What is being asked: The records that follow are to be given again exactly, with their pictures omitted.

Given records:
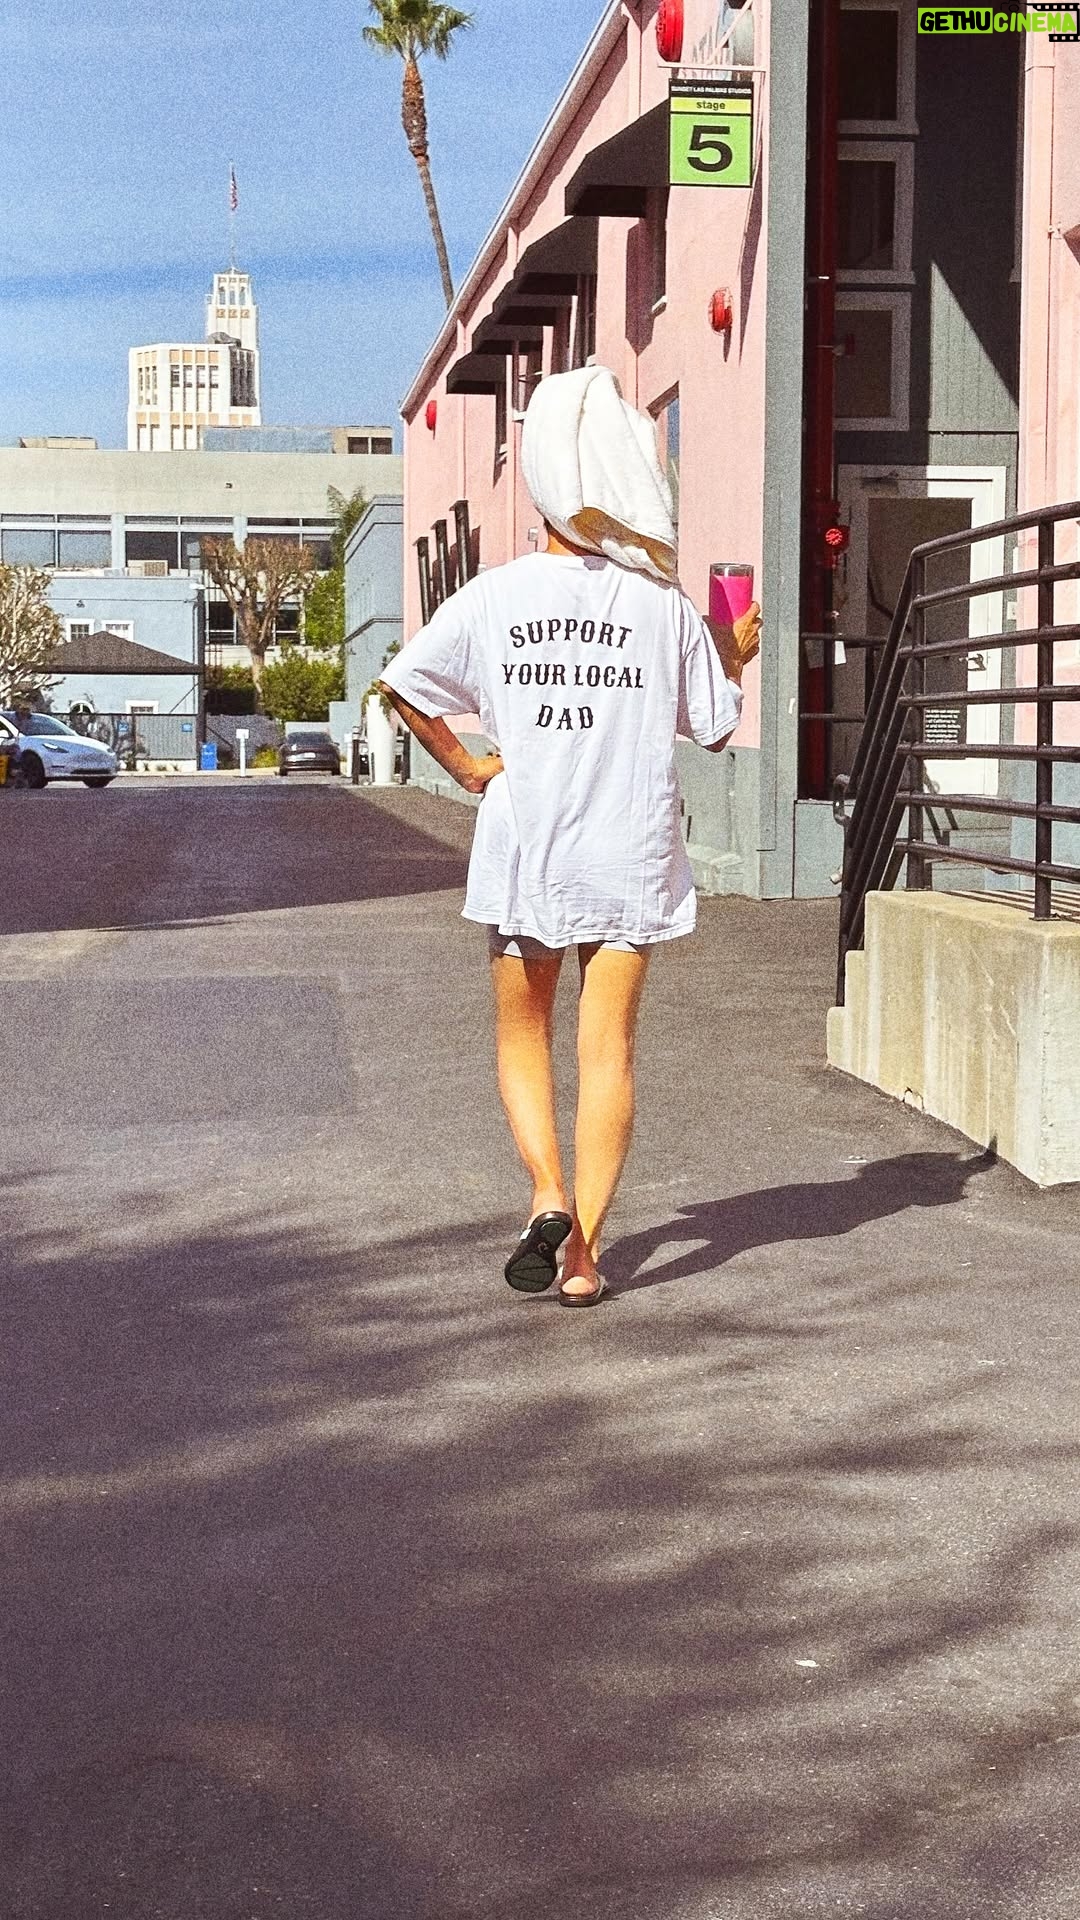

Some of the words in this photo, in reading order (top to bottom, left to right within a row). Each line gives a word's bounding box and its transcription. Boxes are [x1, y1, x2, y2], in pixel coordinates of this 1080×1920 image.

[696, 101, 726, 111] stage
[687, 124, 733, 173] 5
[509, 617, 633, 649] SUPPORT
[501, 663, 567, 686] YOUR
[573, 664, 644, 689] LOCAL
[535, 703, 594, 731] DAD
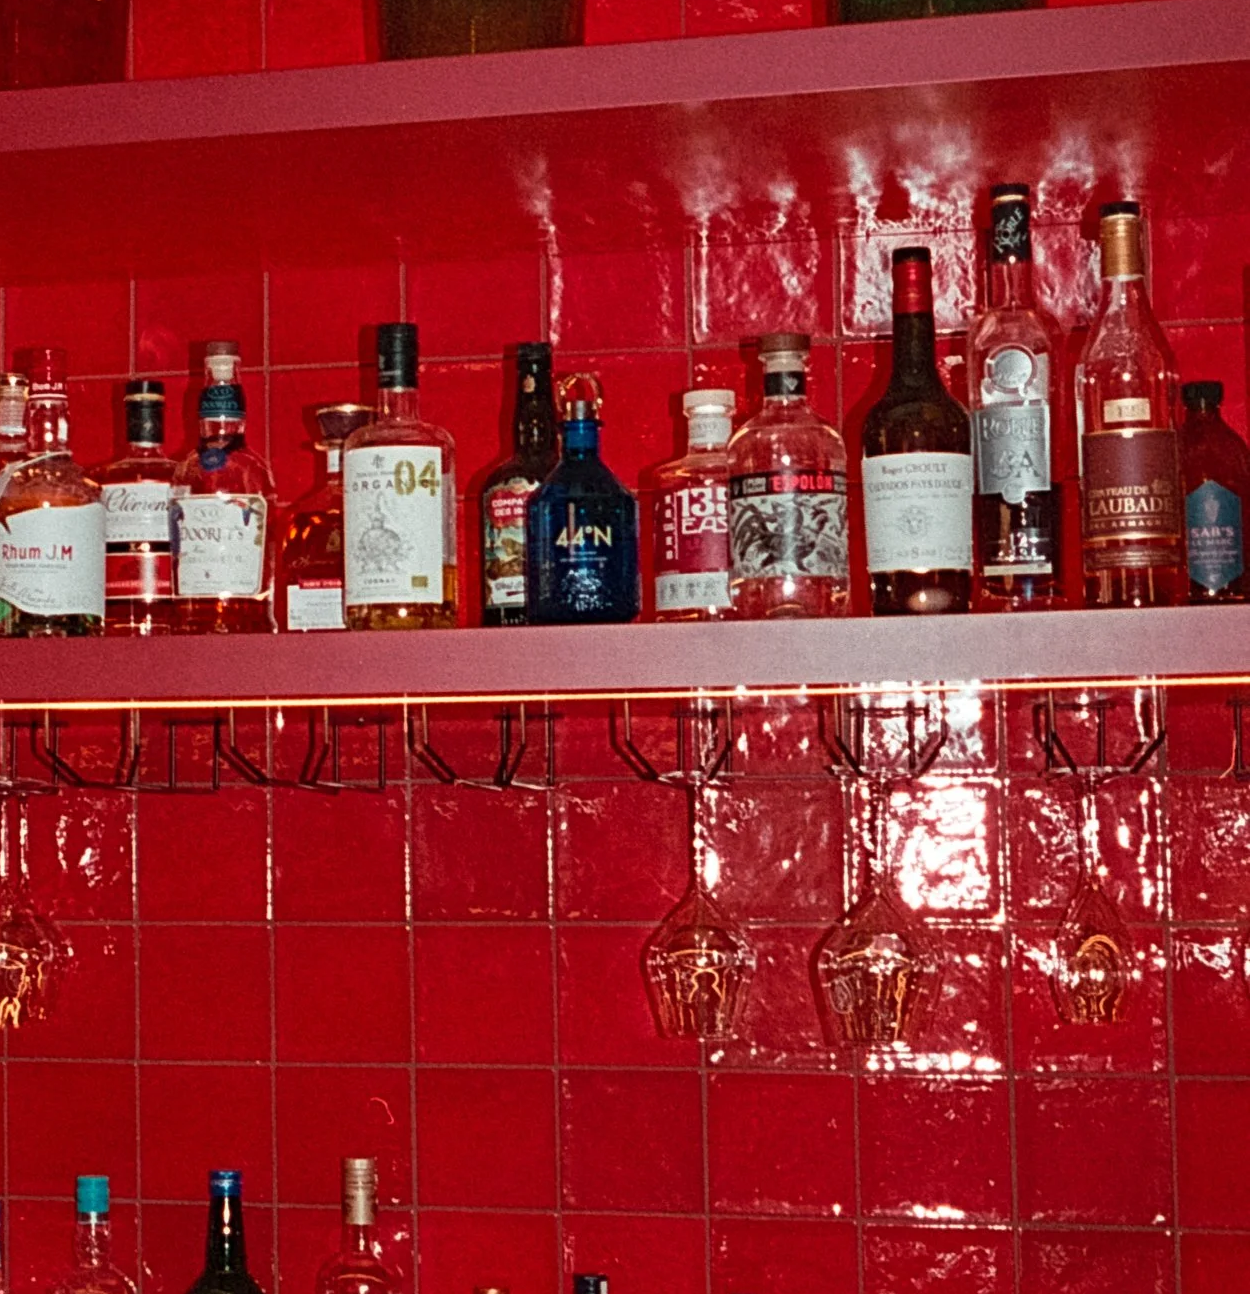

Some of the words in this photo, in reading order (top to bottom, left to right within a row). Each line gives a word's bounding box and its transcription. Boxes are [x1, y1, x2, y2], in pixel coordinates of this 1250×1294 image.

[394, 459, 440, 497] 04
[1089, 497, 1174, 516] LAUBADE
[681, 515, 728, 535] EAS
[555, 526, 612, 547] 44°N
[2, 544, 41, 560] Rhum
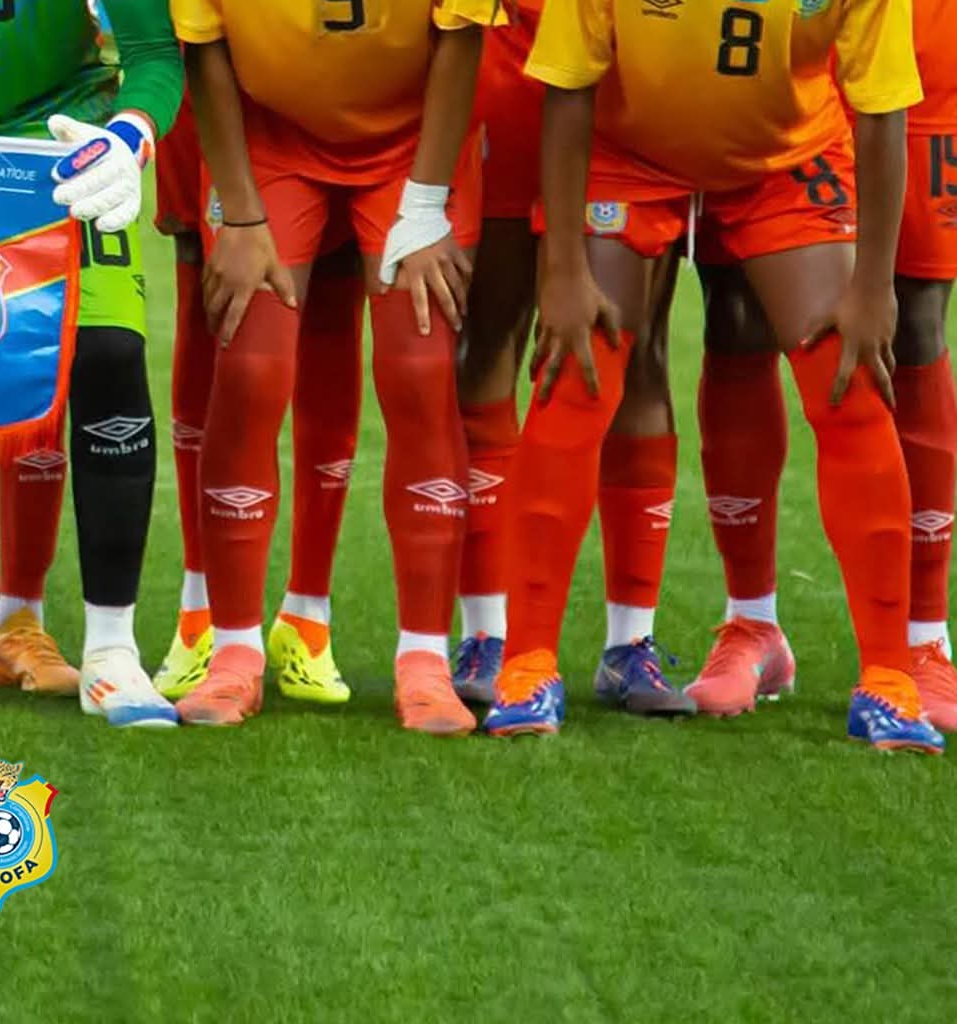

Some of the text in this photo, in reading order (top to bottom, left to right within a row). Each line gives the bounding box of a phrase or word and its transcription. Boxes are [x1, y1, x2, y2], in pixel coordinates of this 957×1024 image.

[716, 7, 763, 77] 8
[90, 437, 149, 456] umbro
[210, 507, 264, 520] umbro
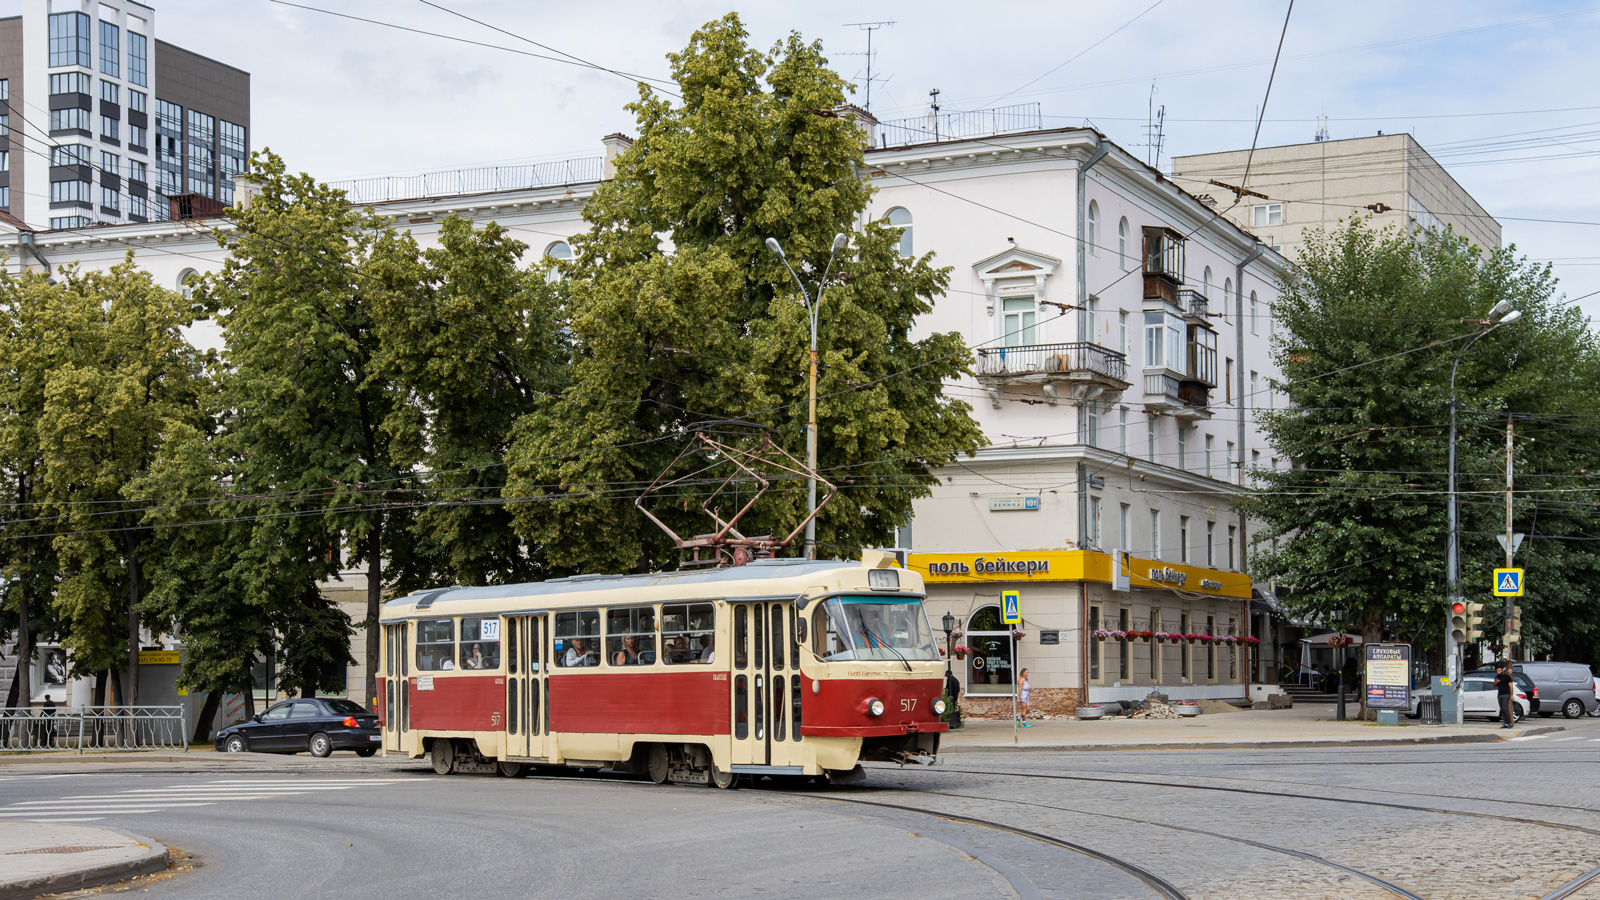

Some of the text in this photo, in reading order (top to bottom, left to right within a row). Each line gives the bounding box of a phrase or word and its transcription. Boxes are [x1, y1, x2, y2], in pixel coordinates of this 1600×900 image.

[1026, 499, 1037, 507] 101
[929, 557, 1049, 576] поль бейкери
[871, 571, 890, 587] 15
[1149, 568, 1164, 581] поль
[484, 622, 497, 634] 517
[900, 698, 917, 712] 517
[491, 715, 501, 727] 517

Answer box:
Some of the words in this photo, in reading order (top to bottom, left to right within a row). Each line gives a word's bounding box and its transcription. Boxes are [x1, y1, x2, y2], in pixel coordinates of this 1080×1920 image.

[696, 101, 726, 111] stage
[687, 124, 733, 173] 5
[509, 617, 633, 649] SUPPORT
[501, 663, 567, 686] YOUR
[573, 664, 644, 689] LOCAL
[535, 703, 594, 731] DAD

Some of the words in this photo, in reading order (top to bottom, left to right within a row). Each line gives a word's bounding box and its transcription. Boxes are [x1, y1, x2, y2], in pixel coordinates of this 1250×1294 image.

[394, 459, 440, 497] 04
[1089, 497, 1174, 516] LAUBADE
[681, 515, 728, 535] EAS
[555, 526, 612, 547] 44°N
[2, 544, 41, 560] Rhum

Some of the text in this photo, in reading order (top to bottom, left to right within a row). Each line gives the bounding box of a phrase or word and its transcription. Boxes are [x1, y1, x2, y2], in pixel coordinates of this 957×1024 image.

[716, 7, 763, 77] 8
[90, 437, 149, 456] umbro
[210, 507, 264, 520] umbro

Some of the text in this photo, in reading order (top to bottom, left to right within a row). Each line gives the bounding box of a phrase or word and its transcription. Boxes are [x1, y1, x2, y2], in pixel coordinates of this 1600×900 image.

[1026, 499, 1037, 507] 101
[929, 557, 1049, 576] поль бейкери
[871, 571, 890, 587] 15
[1149, 568, 1164, 581] поль
[484, 622, 497, 634] 517
[900, 698, 917, 712] 517
[491, 715, 501, 727] 517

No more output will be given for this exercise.